Provided material: Begin

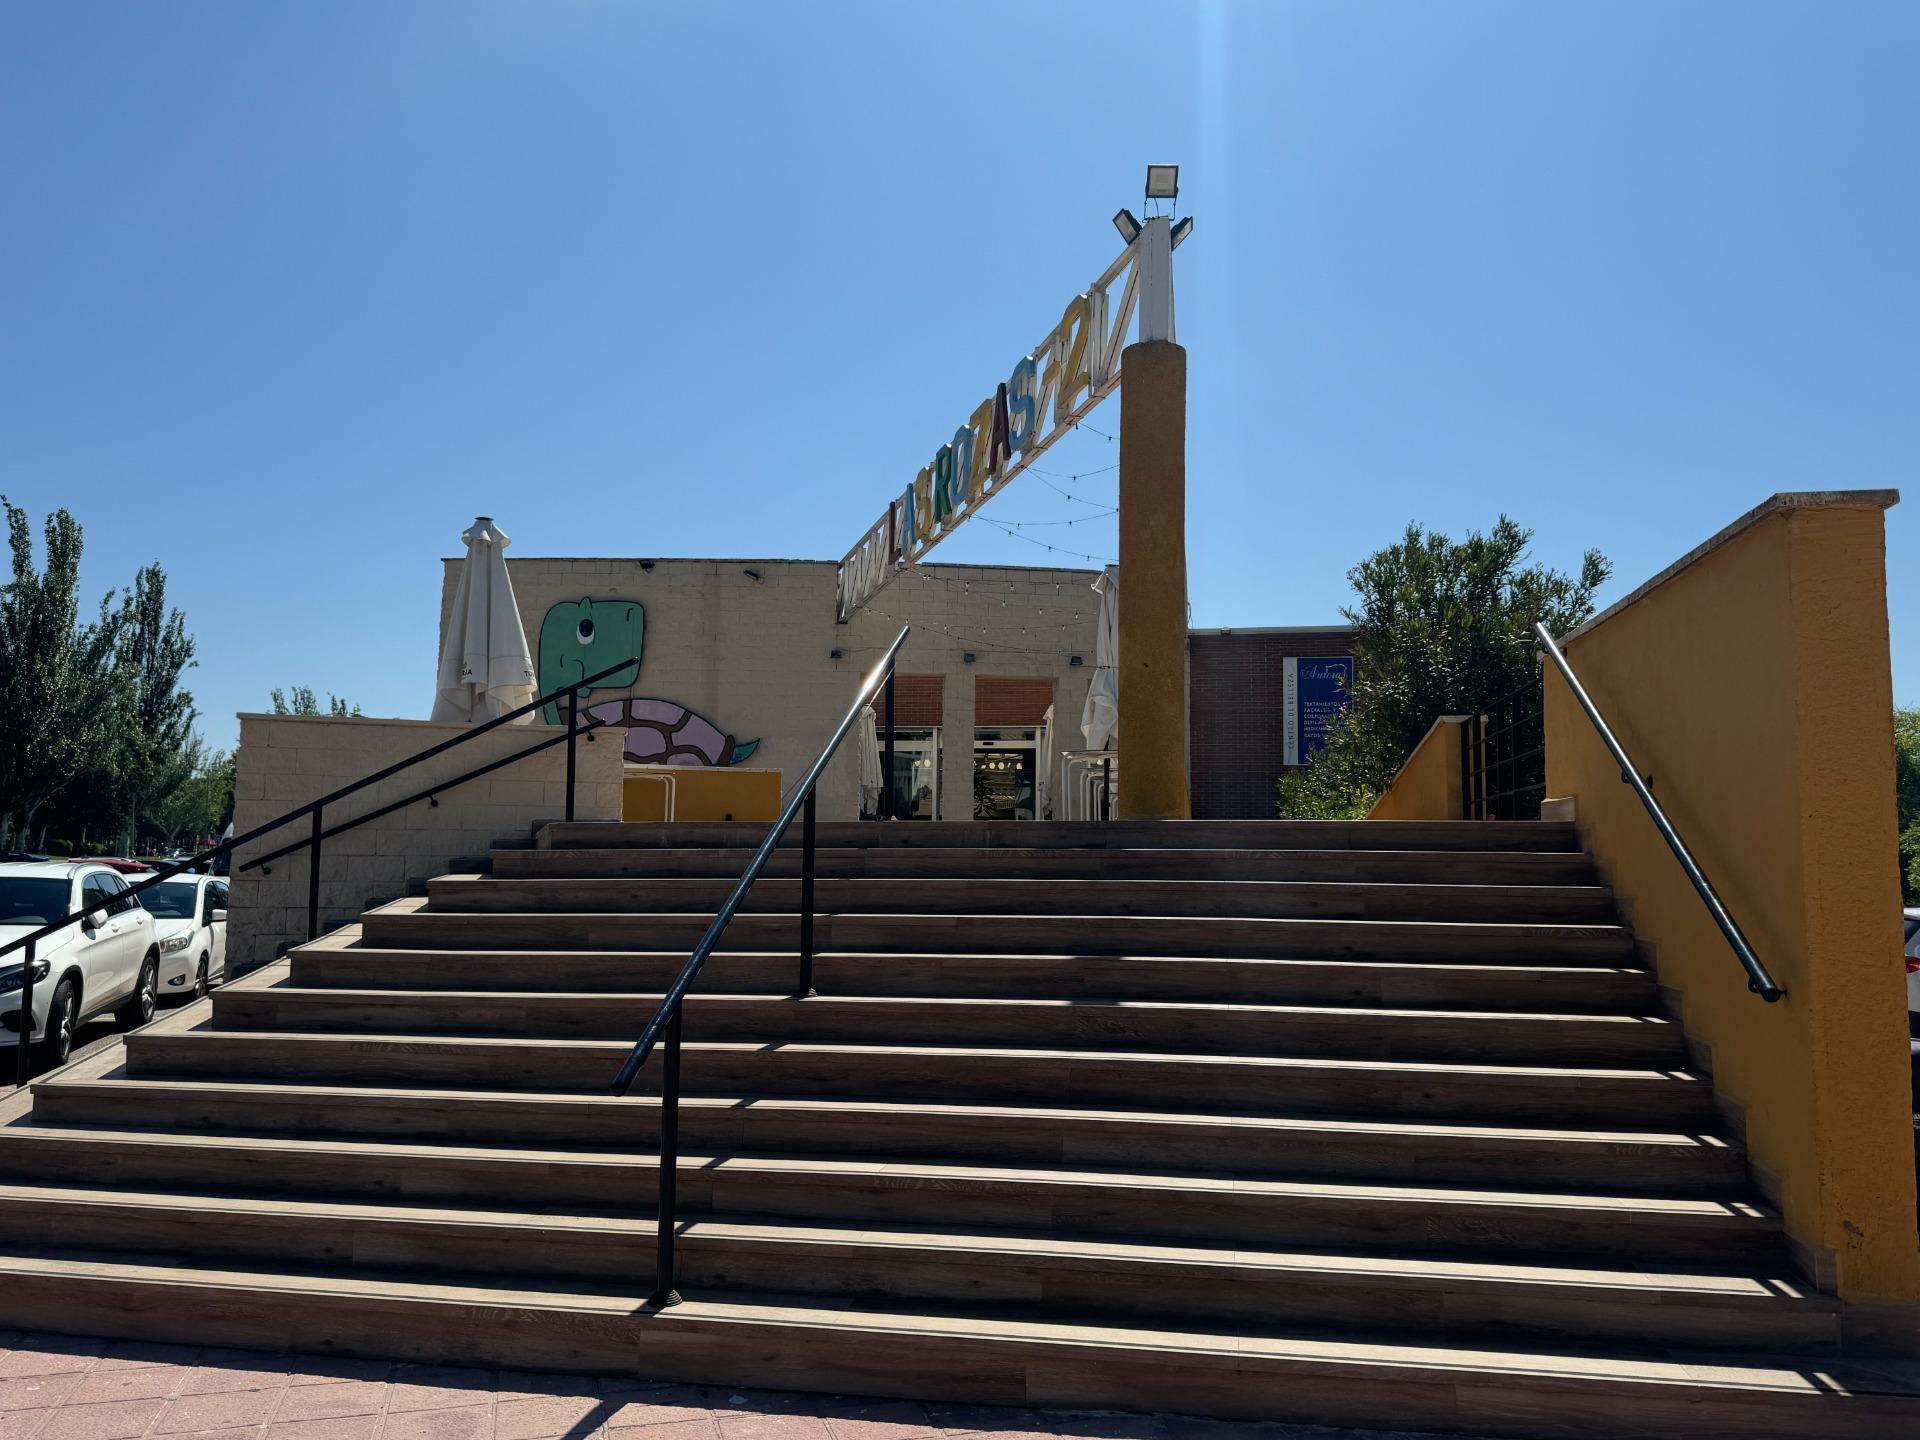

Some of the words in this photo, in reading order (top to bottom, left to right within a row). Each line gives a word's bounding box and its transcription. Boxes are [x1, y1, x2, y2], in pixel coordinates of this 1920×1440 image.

[888, 467, 933, 565] LAS
[1303, 664, 1342, 680] Aurora
[1287, 673, 1295, 705] BELLEZA
[1287, 708, 1295, 717] DE
[1287, 720, 1295, 750] CENTRO
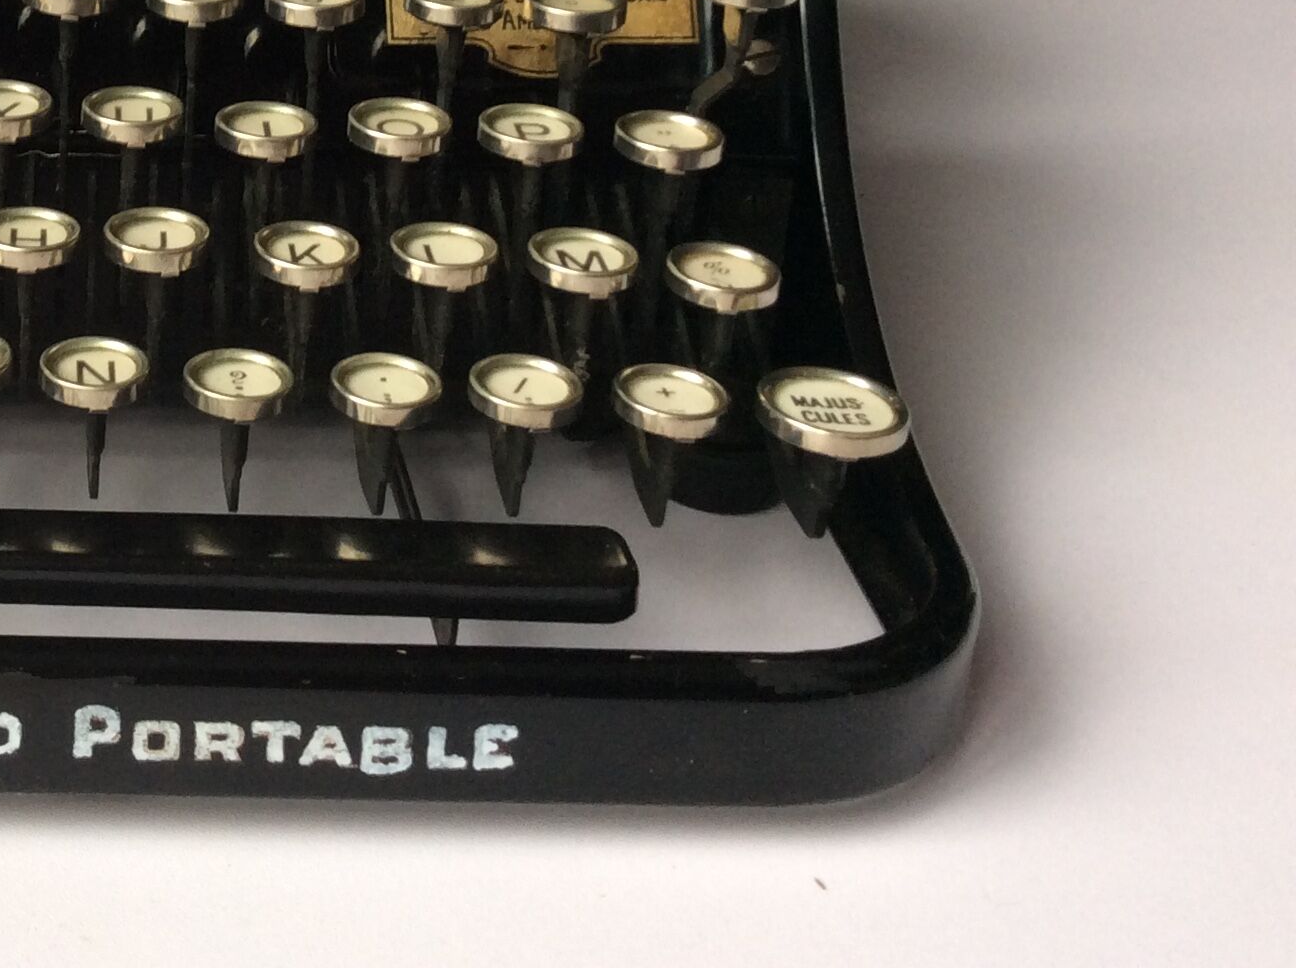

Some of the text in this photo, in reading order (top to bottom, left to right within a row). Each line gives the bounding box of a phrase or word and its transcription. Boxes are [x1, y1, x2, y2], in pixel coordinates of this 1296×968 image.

[377, 119, 424, 137] O
[514, 123, 551, 140] P
[9, 228, 48, 247] H
[140, 231, 168, 249] J
[289, 243, 324, 265] K
[556, 249, 609, 271] M
[75, 360, 116, 385] N
[801, 410, 872, 427] CULES
[72, 703, 518, 776] PORTABLE
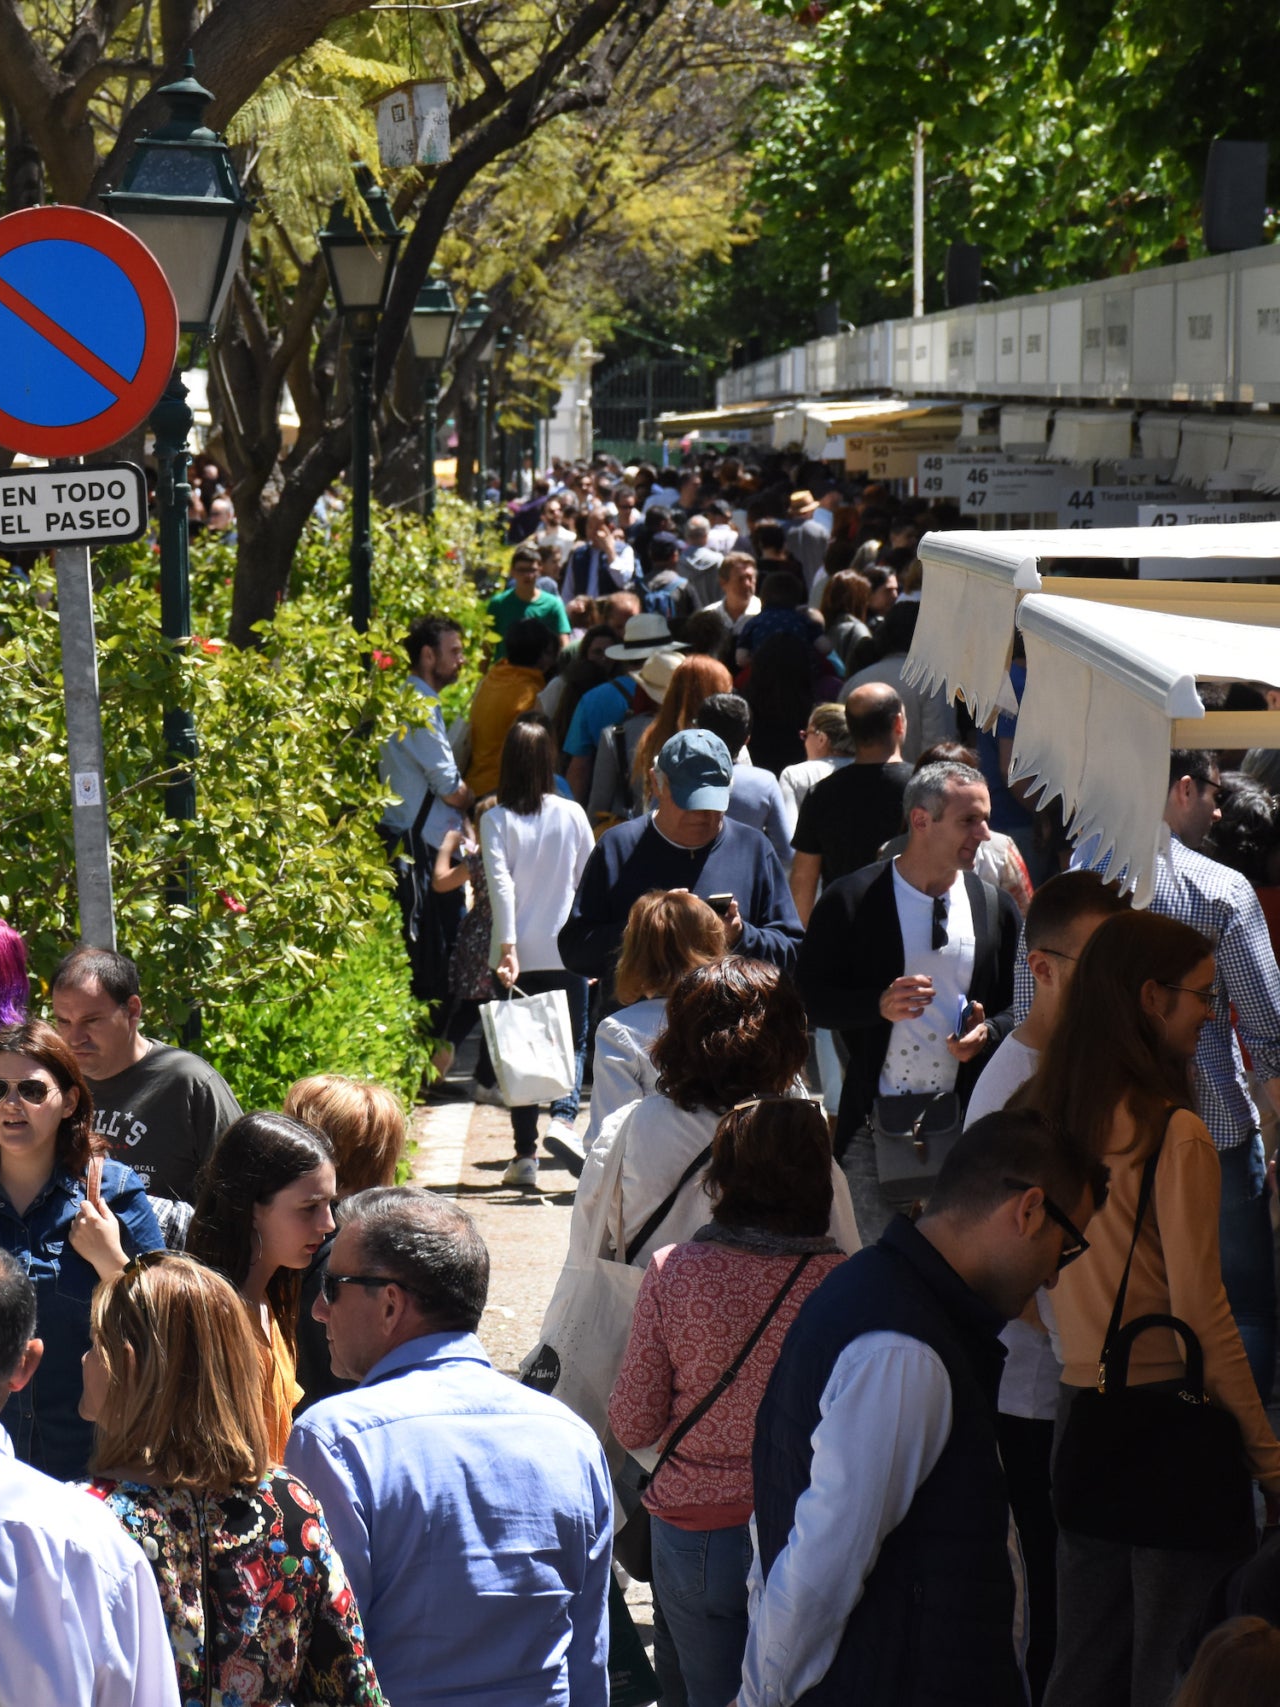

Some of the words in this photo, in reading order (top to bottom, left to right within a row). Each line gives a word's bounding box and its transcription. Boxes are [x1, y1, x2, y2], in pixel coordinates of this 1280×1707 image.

[872, 446, 889, 458] 50
[872, 462, 887, 474] 51
[924, 457, 943, 471] 48
[967, 468, 989, 484] 46
[924, 477, 943, 491] 49
[2, 486, 36, 507] EN
[52, 480, 126, 503] TODO
[967, 491, 987, 506] 47
[1067, 490, 1095, 509] 44
[1, 515, 31, 535] EL
[46, 508, 131, 532] PASEO
[1186, 514, 1221, 525] Tirant
[1223, 513, 1237, 523] Lo
[1239, 512, 1277, 523] Blanch
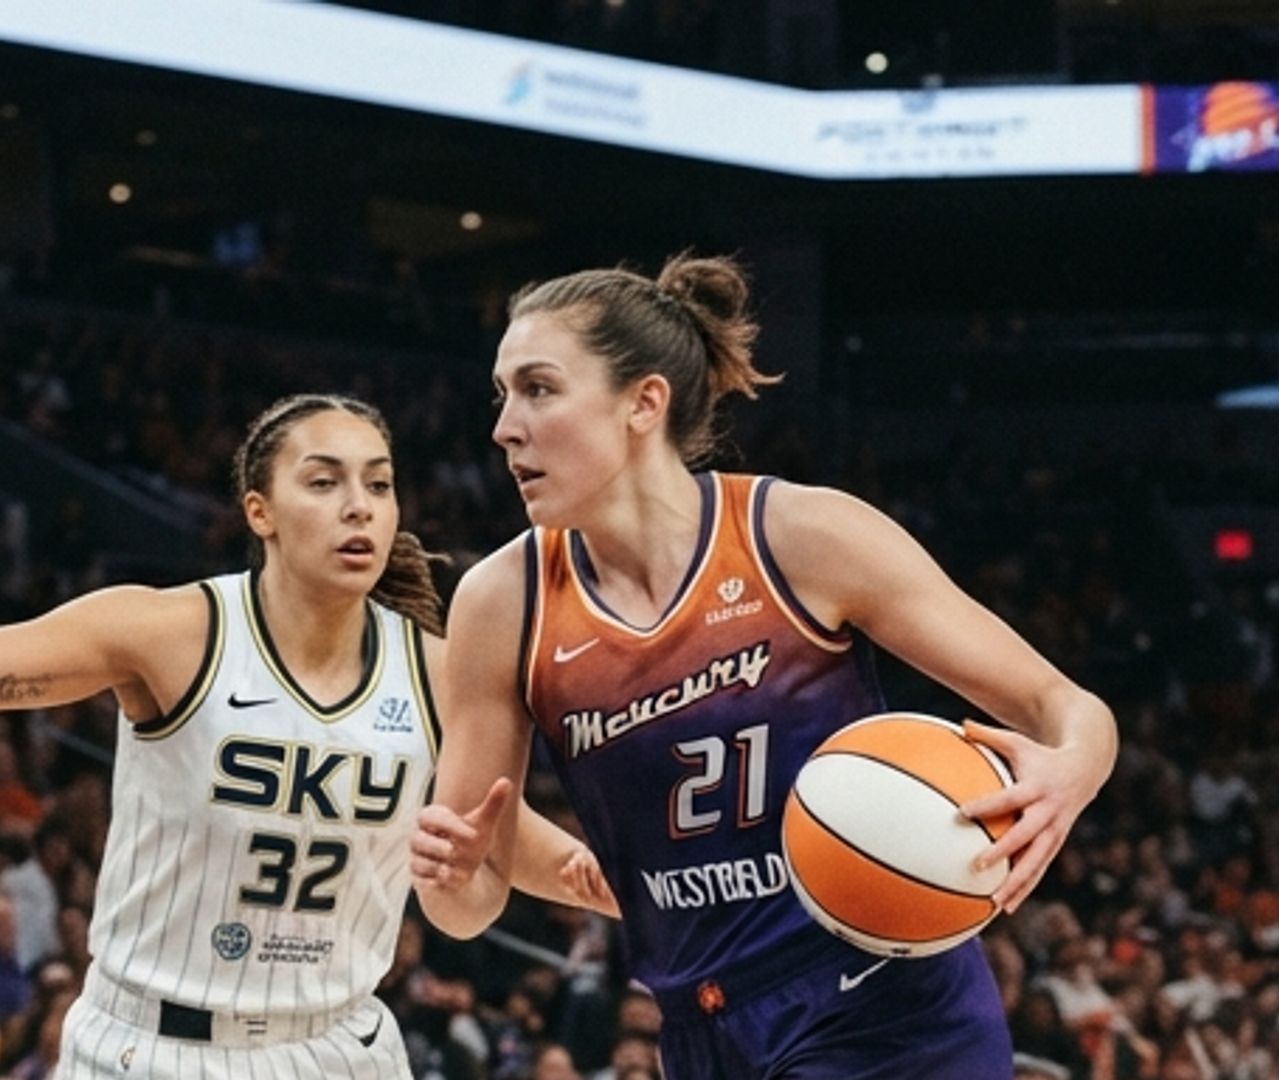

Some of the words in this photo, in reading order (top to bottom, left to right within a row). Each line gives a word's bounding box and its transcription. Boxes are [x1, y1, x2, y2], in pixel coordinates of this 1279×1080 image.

Provided material: End

What the exercise asks: Drop the images; copy every entry above exactly.

Answer to this task:
Some of the words in this photo, in reading order (top to bottom, left to right within a row). Each line gives a word's bounding box and its transcription. Boxes are [x1, y1, x2, y2], in pixel coordinates of this 1920×1440 image.

[888, 467, 933, 565] LAS
[1303, 664, 1342, 680] Aurora
[1287, 673, 1295, 705] BELLEZA
[1287, 708, 1295, 717] DE
[1287, 720, 1295, 750] CENTRO

Some of the text in this photo, in reading order (top to bottom, left to right within a row). Each line gives the bounding box of a phrase or word and its transcription. Boxes are [x1, y1, x2, y2], in pixel coordinates of this 1296×968 image.

[377, 119, 424, 137] O
[514, 123, 551, 140] P
[9, 228, 48, 247] H
[140, 231, 168, 249] J
[289, 243, 324, 265] K
[556, 249, 609, 271] M
[75, 360, 116, 385] N
[801, 410, 872, 427] CULES
[72, 703, 518, 776] PORTABLE

Some of the words in this photo, in reading order (top to bottom, left to right within a row). Each line gives a word's bounding box and its transcription. Boxes are [x1, y1, x2, y2], in pixel coordinates of this 1280×1707 image.

[872, 446, 889, 458] 50
[872, 462, 887, 474] 51
[924, 457, 943, 471] 48
[967, 468, 989, 484] 46
[924, 477, 943, 491] 49
[2, 486, 36, 507] EN
[52, 480, 126, 503] TODO
[967, 491, 987, 506] 47
[1067, 490, 1095, 509] 44
[1, 515, 31, 535] EL
[46, 508, 131, 532] PASEO
[1186, 514, 1221, 525] Tirant
[1223, 513, 1237, 523] Lo
[1239, 512, 1277, 523] Blanch

Some of the words in this photo, in reading order (top to bottom, left to right within a row). Each line gives a word's bounding box and its transcription. Boxes are [x1, y1, x2, y2], in pixel coordinates of this 1279×1080 image.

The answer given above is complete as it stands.